There are two main parts to this course. The first, which takes place in period 4, focuses on argumentation in general. Here students will be introduced to basic concepts and techniques from argumentation theory. They will be taught the main components of an argument, learn how to identify and extract different kinds of arguments from a text, learn a technique known as ‘argument reconstruction’, and some basic tools to evaluate the plausibility of arguments in general. Despite its focus on general argumentation, students will at this stage already be practicing their skills on real legal arguments.

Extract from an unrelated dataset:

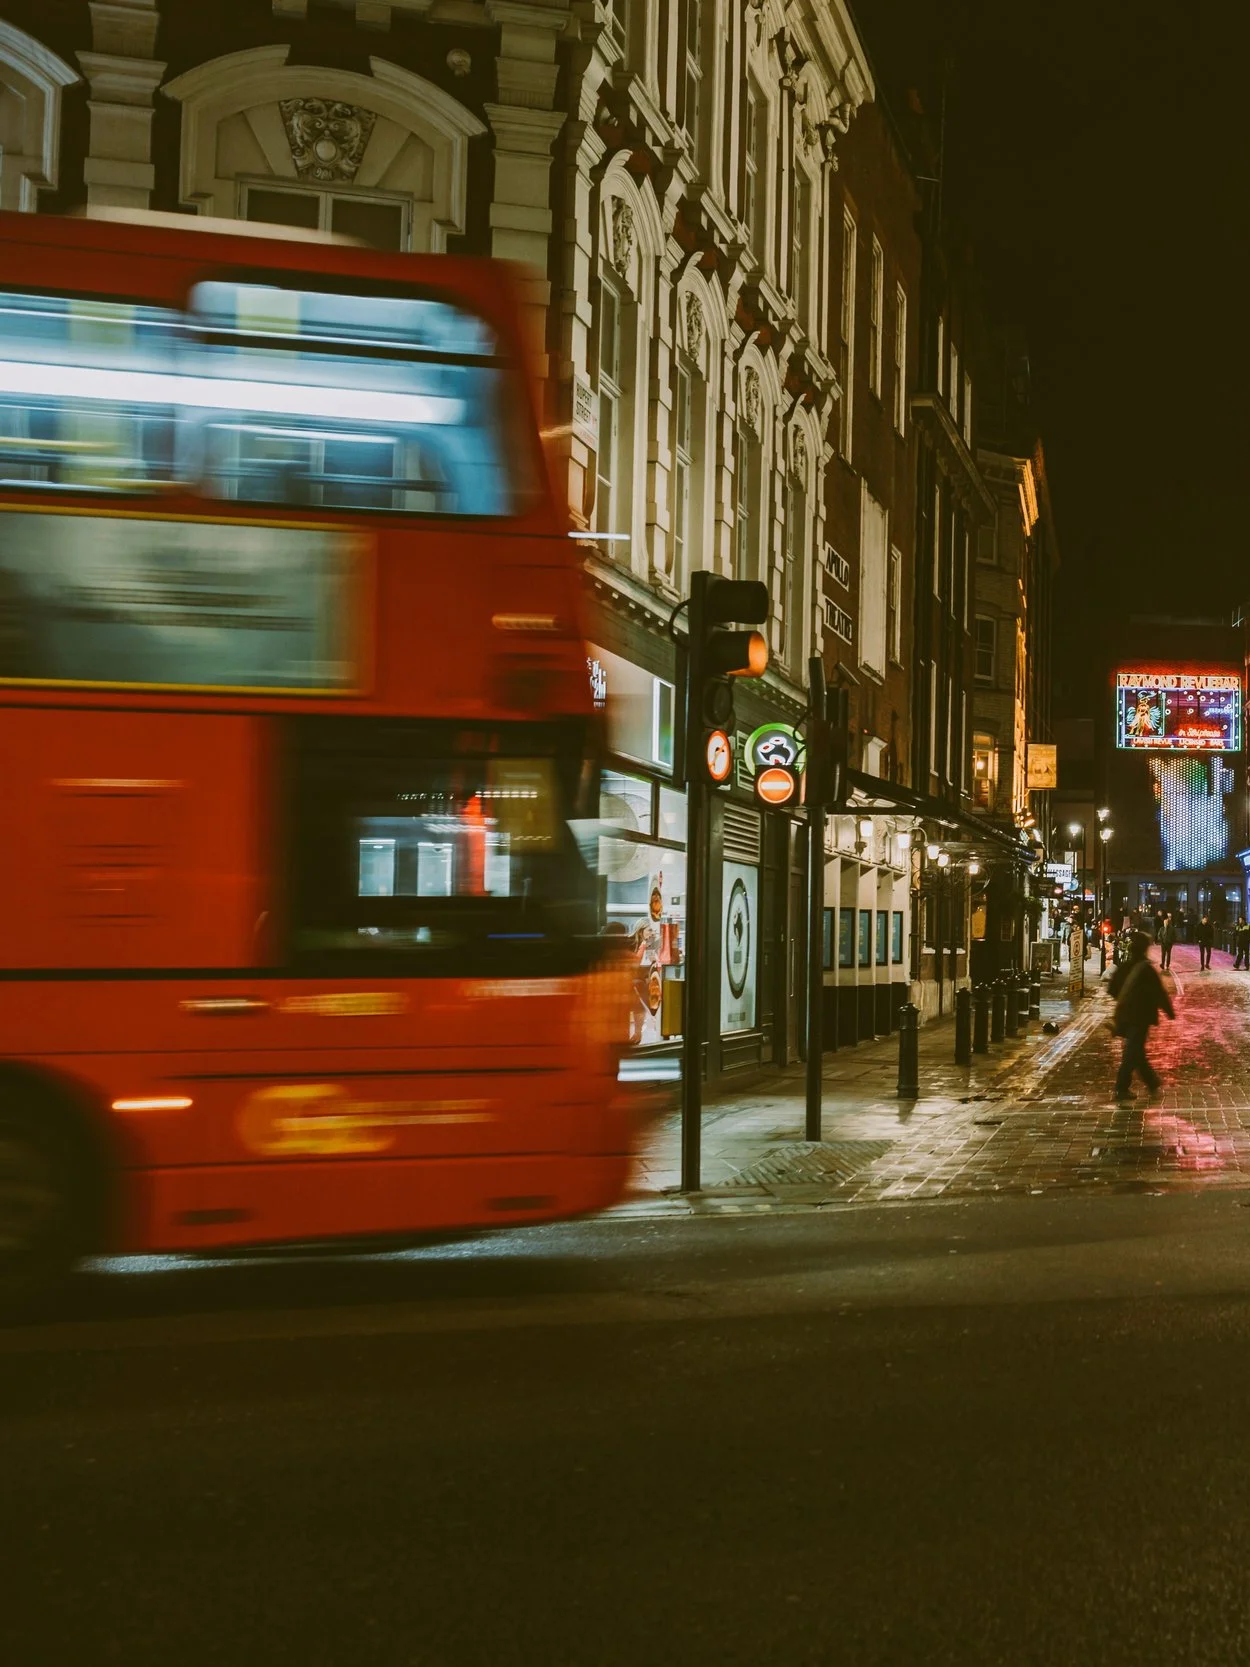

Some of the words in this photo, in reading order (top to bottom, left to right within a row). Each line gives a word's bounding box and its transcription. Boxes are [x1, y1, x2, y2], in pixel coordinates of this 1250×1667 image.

[825, 546, 849, 587] APOLLO
[1119, 675, 1177, 688] RAYMOND
[1181, 676, 1239, 689] REVUEBAR

The second part of the course, which takes place in period 5, deals with some specific features of legal argumentation. Legal argumentation characteristically relies on legal rules. But legal rules are often vague, indeterminate, and full of exceptions. As a result, it is not always clear how to formulate, reconstruct, and assess the plausibility of arguments that appeal to legal rules. The first few weeks of this part will be devoted to the specific challenges that the analysis and presentation of rule-based legal arguments gives rise to. This will involve a brief discussion on some common misconceptions about the so-called ‘legal syllogism’ and legal interpretation. Sometimes, however, the existing legal rules are silent on a given case. But even in those cases legal practitioners must still – and typically do – present arguments for a given legal conclusion. The arguments often appeal to principles, policy considerations, precedent, or make use of analogy. In the last few weeks of the course we will analyse some specific features of these arguments and learn how to reconstruct and evaluate their plausibility.
Students will be assessed in the following way:
- Period 4 (Week 7): Group assignment consisting of the written analysis of arguments taken from actual legal decisions or academic legal papers. (30%)

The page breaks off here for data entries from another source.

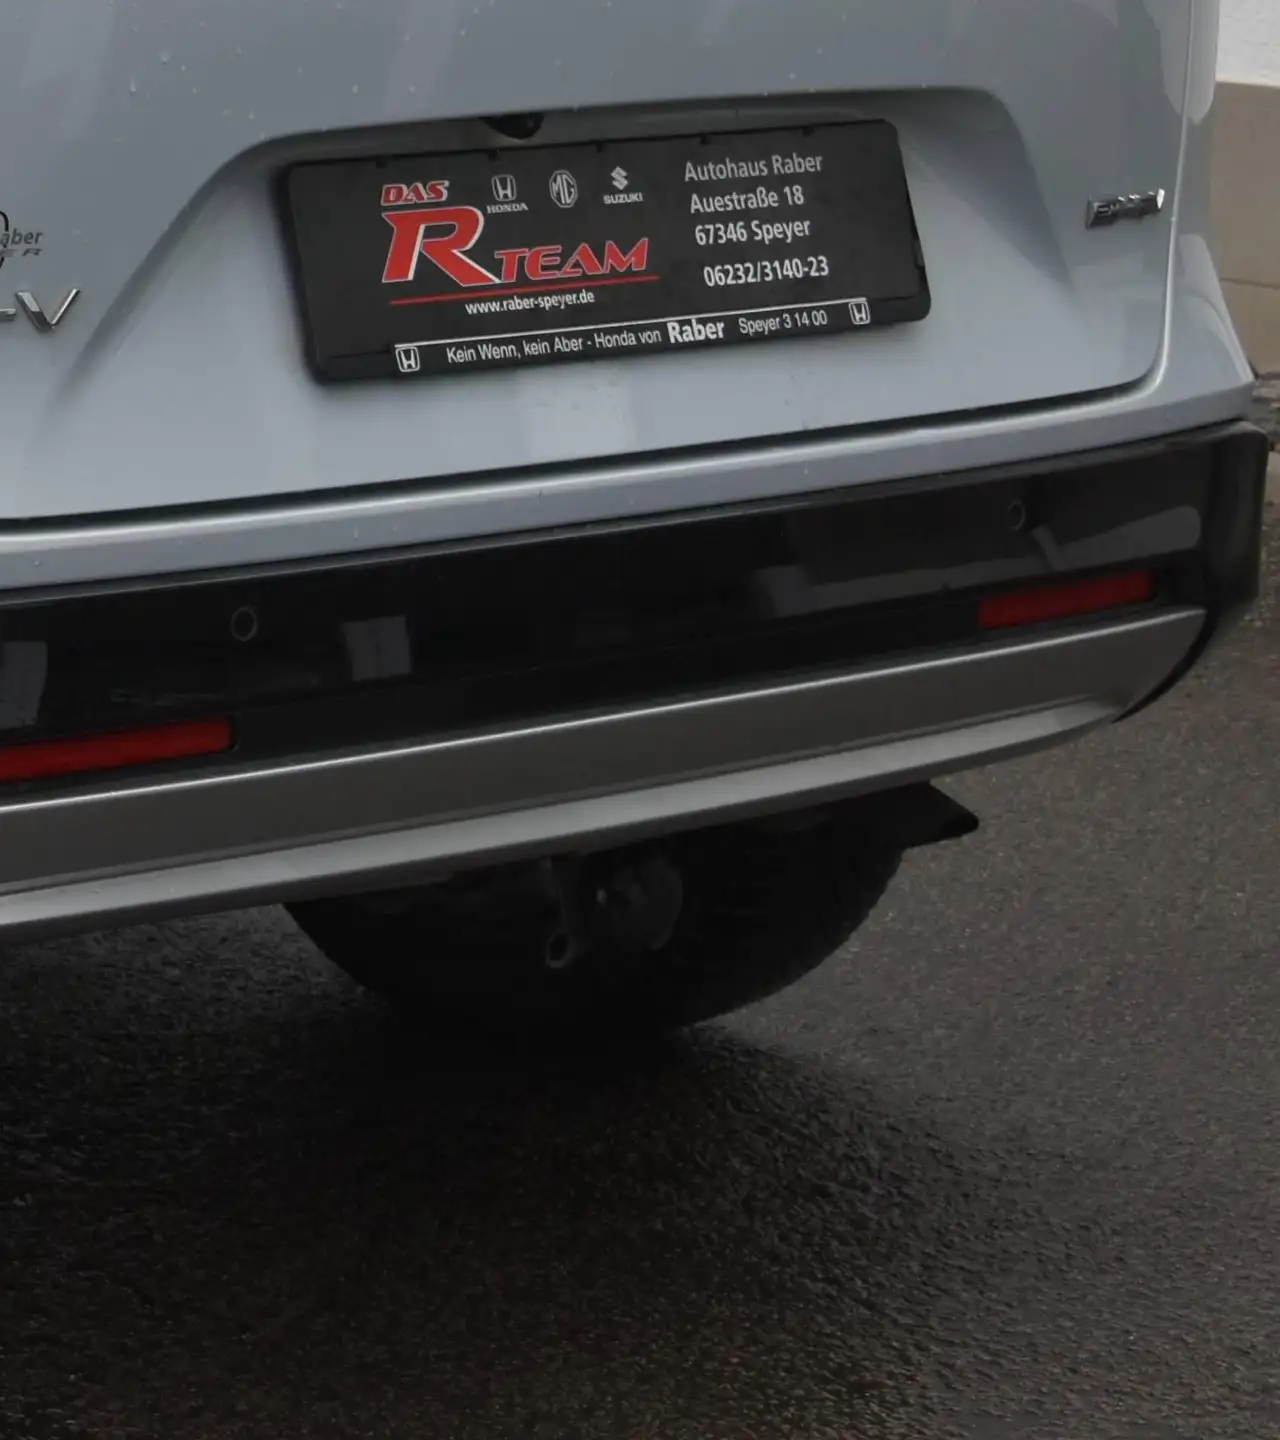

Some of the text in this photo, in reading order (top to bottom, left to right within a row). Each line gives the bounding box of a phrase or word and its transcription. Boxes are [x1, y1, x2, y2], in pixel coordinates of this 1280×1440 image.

[684, 152, 823, 182] Autohaus Raber
[381, 180, 449, 206] DAS
[603, 192, 643, 205] SUZUKI
[690, 184, 805, 214] Auestraße 18
[487, 202, 528, 214] HONDA
[695, 219, 811, 246] 67346 Speyer
[494, 237, 649, 283] TEAM
[703, 255, 830, 287] 06232/3140-23
[465, 289, 595, 315] www.raber-speyer.de
[446, 346, 477, 364] Kein
[477, 340, 522, 360] Wenn,
[523, 338, 551, 356] kein
[553, 335, 583, 352] Aber
[594, 330, 637, 349] Honda
[638, 330, 662, 345] von
[666, 318, 725, 344] Raber
[737, 315, 781, 336] Speyer
[782, 312, 793, 330] 3
[794, 310, 810, 328] 14
[810, 308, 829, 326] 00

- Period 5 (Week 5): Group assignment consisting of the written analysis of arguments taken from actual legal decisions or academic legal papers. (30%)
- Period 5 (Week 7): Individual assignment consisting of the written analysis of arguments taken from actual legal decisions or academic legal papers. (40%)
- The final grade will be the sum of the points obtained in the assignments.
At the end of the course, students will be familiar with a range of concepts and tools from legal argumentation. Additionally, the course aims to enable students to:
- Identify and extract arguments from a legal text or case;
- Reconstruct legal arguments;
- Evaluate the plausibility of different kinds of legal arguments;
- Detect fallacious reasoning;
- Structure and present their own arguments in a rigorous way.